A total of 8.8 million tickets were sold for the London 2012 Olympics for events spanning 19 days. Basic math says potentially 463,157 spectators were in attendance daily at 34 Olympic venues — with exactly eight Visa-only ATMs to serve them all. Basic math says that’s an ATM-to-user ratio of 1:57,894.
Of course, not all tickets will have been used. But if even half of them were, it would still present a 1:28,947 ratio — lower than any developed country or, for that matter, some emerging economies. And it doesn’t take into account the approximately 70,000 volunteers, 21,000 media members, 8,700 technical and team officials, and 6,000 paid staff present at the games — not to mention the 10,500 athletes that the Olympics are ostensibly about. In all, 116,200.

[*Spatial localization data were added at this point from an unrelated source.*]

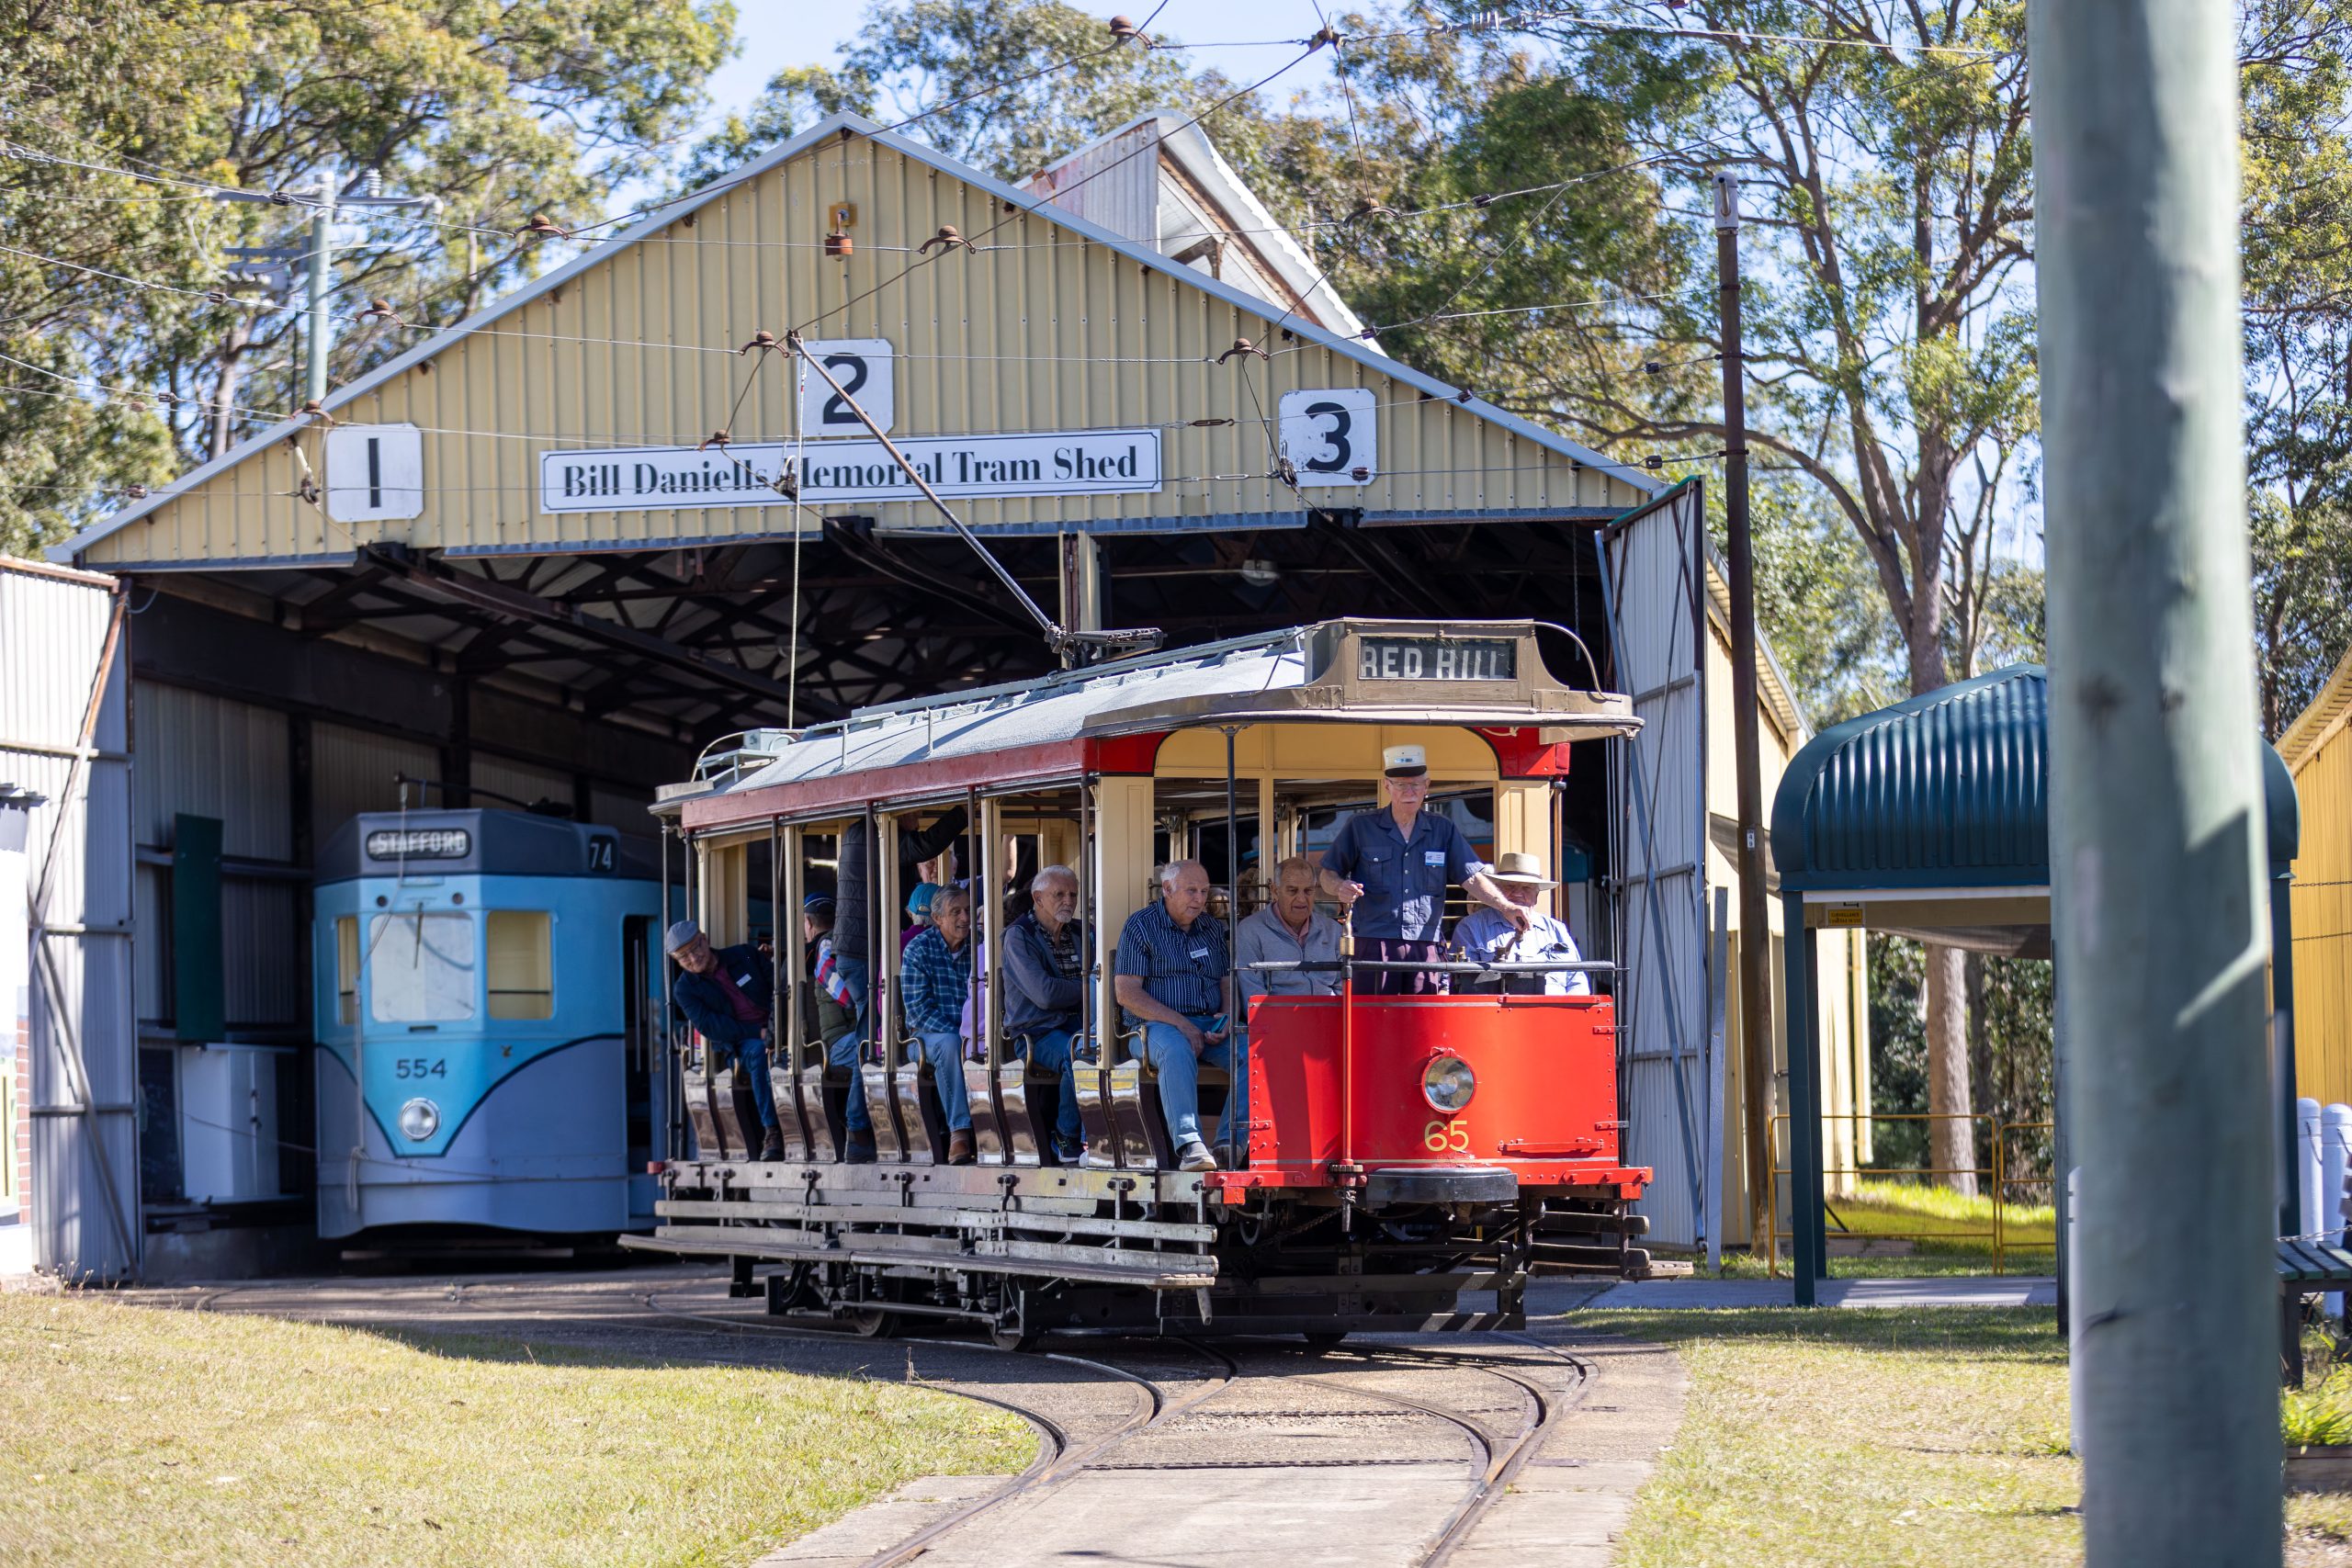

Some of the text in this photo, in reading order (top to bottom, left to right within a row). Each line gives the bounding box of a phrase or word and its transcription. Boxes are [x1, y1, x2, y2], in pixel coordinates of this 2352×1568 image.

[822, 352, 867, 424] 2
[1305, 401, 1351, 473] 3
[563, 464, 620, 497] Bill
[634, 459, 768, 494] Daniells
[952, 451, 1041, 482] Tram
[1055, 446, 1138, 479] Shed
[1361, 646, 1506, 679] RED HILL
[377, 830, 467, 854] STAFFORD
[591, 842, 612, 870] 74
[396, 1058, 447, 1079] 554
[1424, 1120, 1469, 1152] 65

No wonder, then, that it was a Pretty Big Deal when contactless POS terminals (which, to begin with, accepted only one card — Visa) went on the fritz at the 90,000-seat Wembley Stadium during a double-header Olympic football match on the evening of Sunday, July 29.
Visa cardholders who expected to use plastic or mobile phones to buy food and drinks at the event found themselves in immediate need of paper, with no ATMs — not even a Visa-only machine — anywhere in the stadium. Comment sections of Internet news reports about the breakdown were peppered with remarks from irritated spectators, who expressed annoyance with the card-only policy.

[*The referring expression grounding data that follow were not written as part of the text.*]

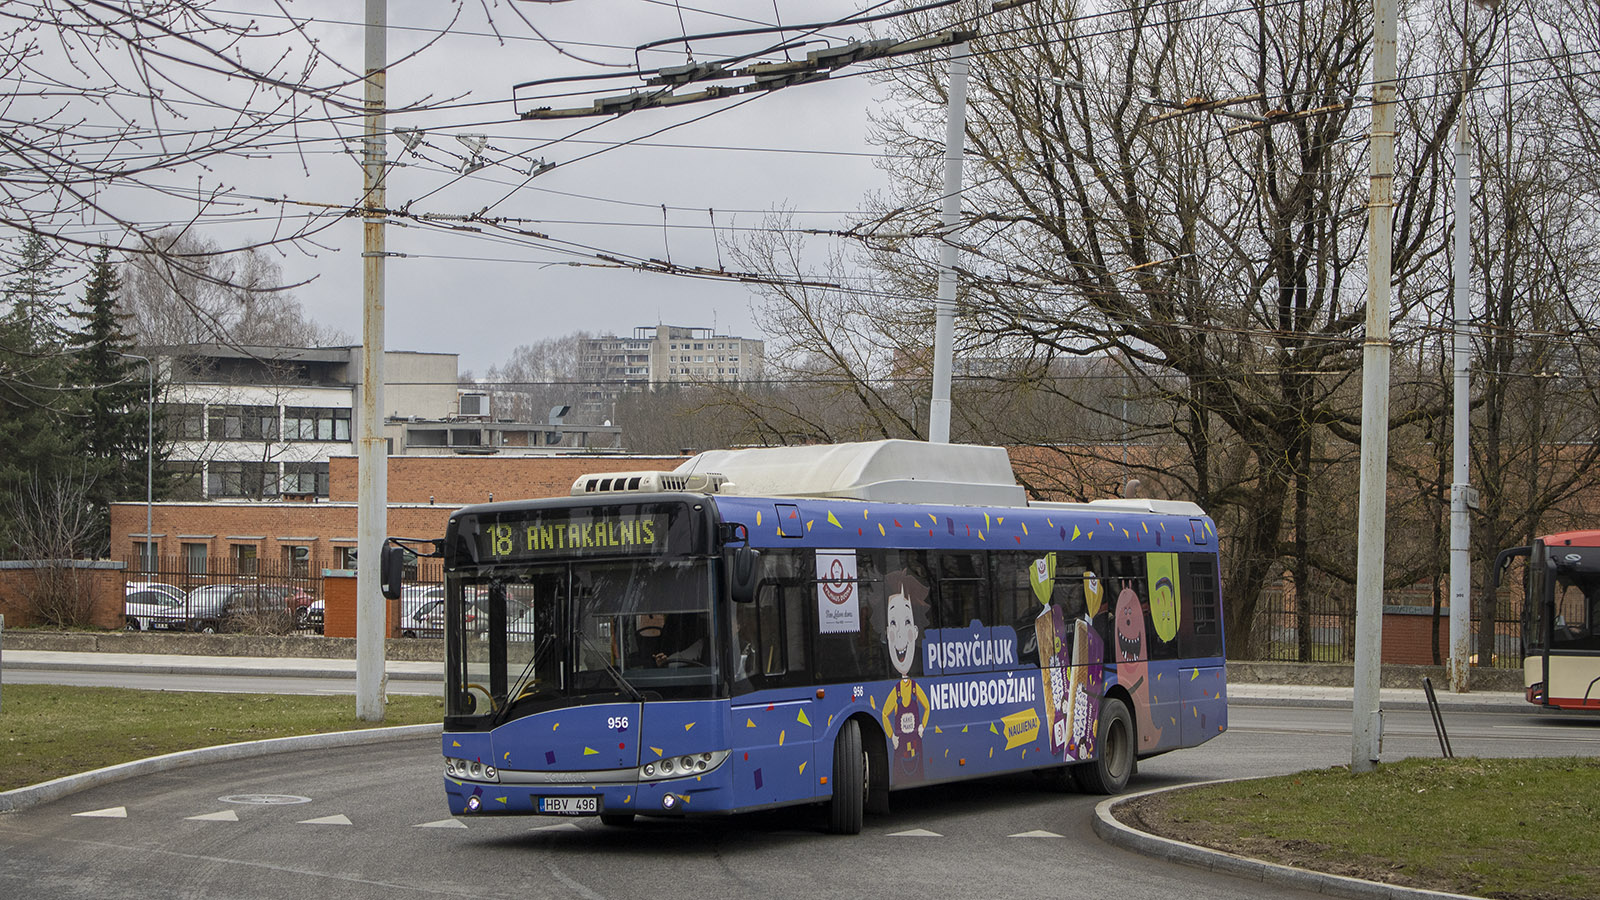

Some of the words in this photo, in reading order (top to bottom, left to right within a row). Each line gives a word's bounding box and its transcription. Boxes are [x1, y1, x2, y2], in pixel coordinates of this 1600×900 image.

[486, 523, 513, 556] 18
[527, 519, 655, 550] ANTAKALNIS
[927, 633, 1014, 669] PUSRYČIAUK
[853, 685, 864, 697] 956
[930, 671, 1036, 711] NENUOBODŽIAI!
[607, 716, 629, 729] 956
[1008, 717, 1038, 738] NAUJIENA!
[544, 773, 588, 783] SOLARIS
[545, 799, 569, 810] HBV
[576, 799, 595, 810] 496
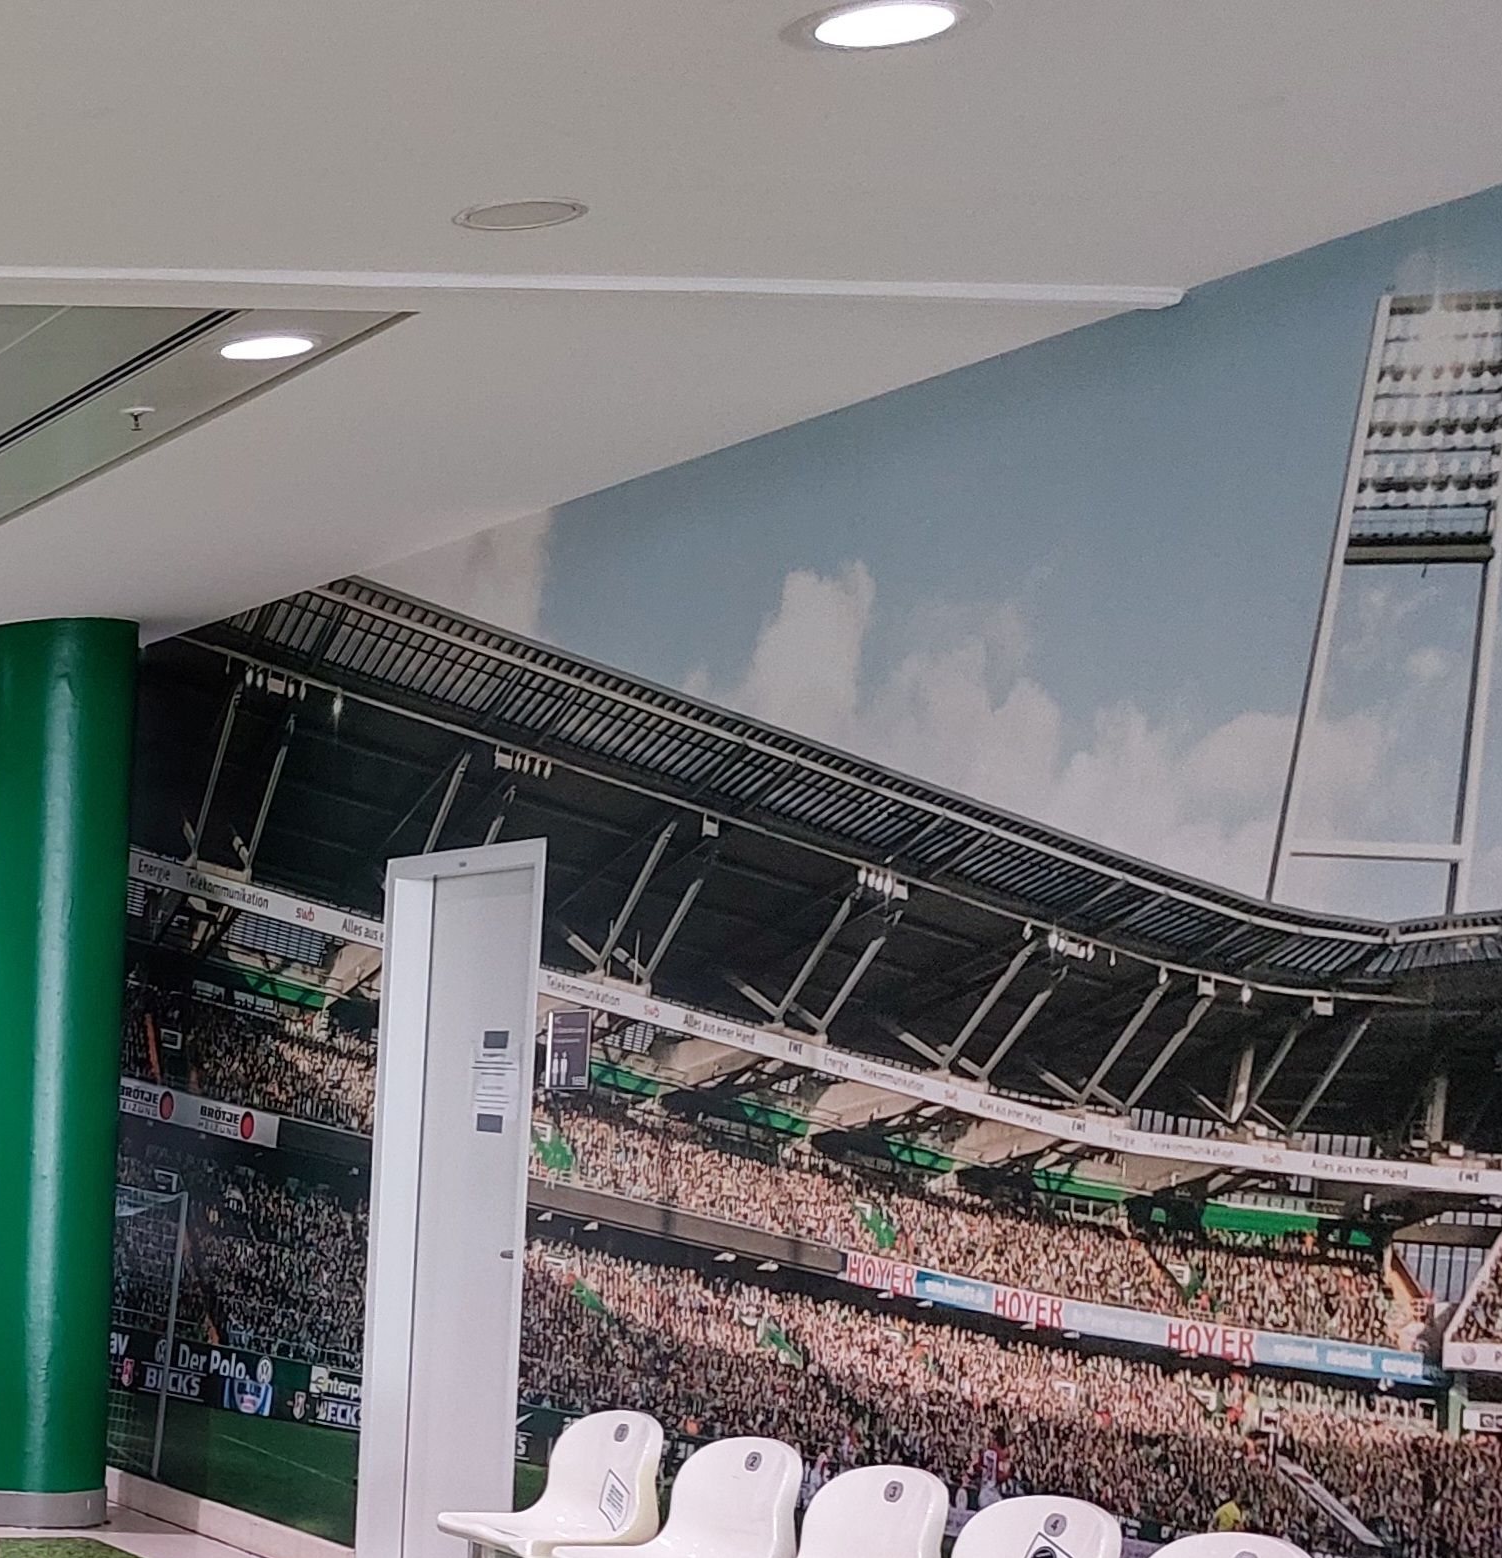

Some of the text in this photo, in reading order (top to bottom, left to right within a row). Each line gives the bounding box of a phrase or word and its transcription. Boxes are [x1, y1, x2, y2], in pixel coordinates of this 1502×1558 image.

[295, 905, 315, 923] swb
[341, 917, 363, 938] Alles
[200, 1105, 240, 1125] BRÖTJE
[847, 1253, 916, 1295] HOYER
[994, 1288, 1064, 1329] HOYER
[1167, 1323, 1256, 1363] HOYER
[177, 1343, 207, 1373] Der
[209, 1350, 250, 1381] Polo.

Every option but the tried-and-true
The Wembley failure underscored what the ATM Industry Association’s European chapter had said all along — that attempting to enforce a single payment method was a disservice to visitors to the London Olympics.
“Back in 2011, ATMIA Europe dialogued extensively with Lord Coe, chairman of the London 2012 Organizing Committee, to try and prevent this kind of situation arising,” said Flora Hamilton, executive diretor of ATMIA Europe. “But he and his senior team refused to be moved, stating that the sponsorship terms that Visa had negotiated with the International Olympic Authorities required them to allow the removal of ATMs from and around the Olympic sites.”
And when they said “removal,” the IOA meant just that, said Ron Delnevo, director of the U.K. Payments Council and managing director of Bank Machine for U.K. and Europe, which had an ATM at one of the Olympic venues.